Activity » For every record, give an exact copy that has no pictures in it.

Items listed in a dataset »
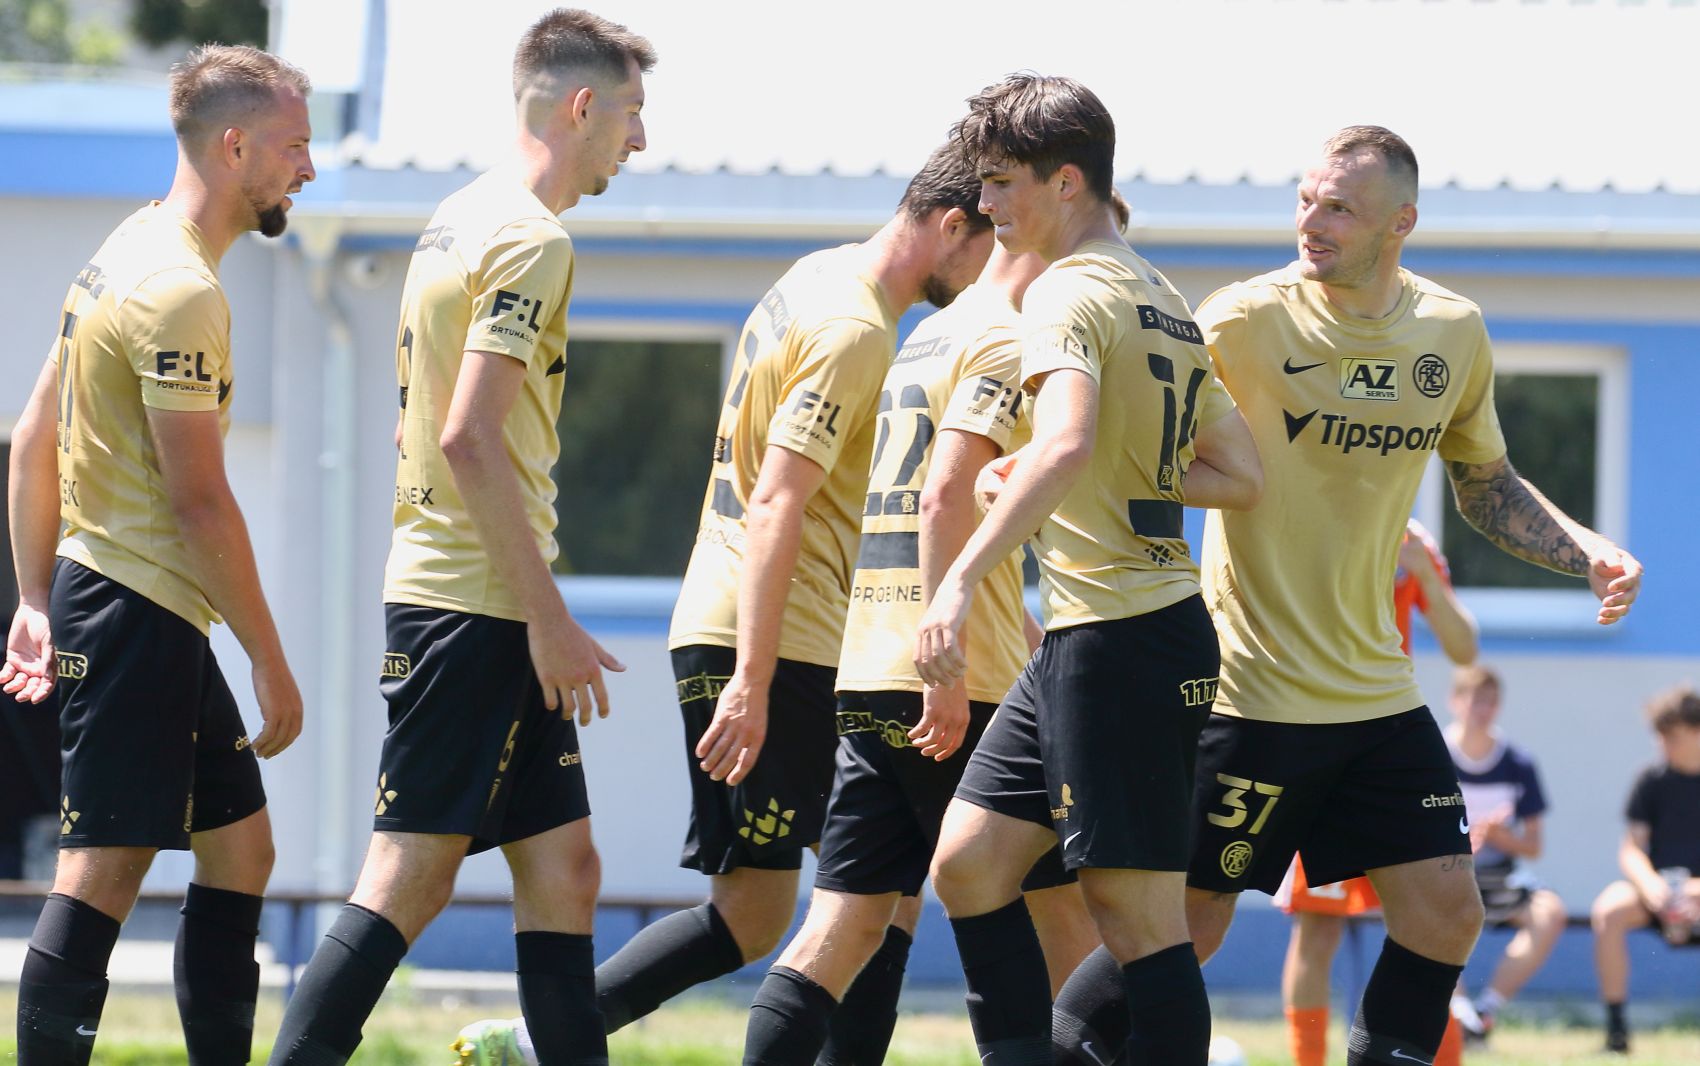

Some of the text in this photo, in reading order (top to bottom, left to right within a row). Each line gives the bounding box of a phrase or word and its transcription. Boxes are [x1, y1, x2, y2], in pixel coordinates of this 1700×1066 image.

[491, 289, 543, 334] F:L
[156, 351, 212, 382] F:L
[1348, 364, 1395, 390] AZ
[1320, 414, 1442, 457] Tipsport
[1207, 772, 1284, 835] 37

Answer section »
Some of the text in this photo, in reading order (top to bottom, left to right within a row). Each line gives the bounding box of a phrase or word and its transcription. Boxes are [x1, y1, x2, y2], in pixel coordinates of this 1700×1066 image.

[491, 289, 543, 334] F:L
[156, 351, 212, 382] F:L
[1348, 364, 1395, 390] AZ
[1320, 414, 1442, 457] Tipsport
[1207, 772, 1284, 835] 37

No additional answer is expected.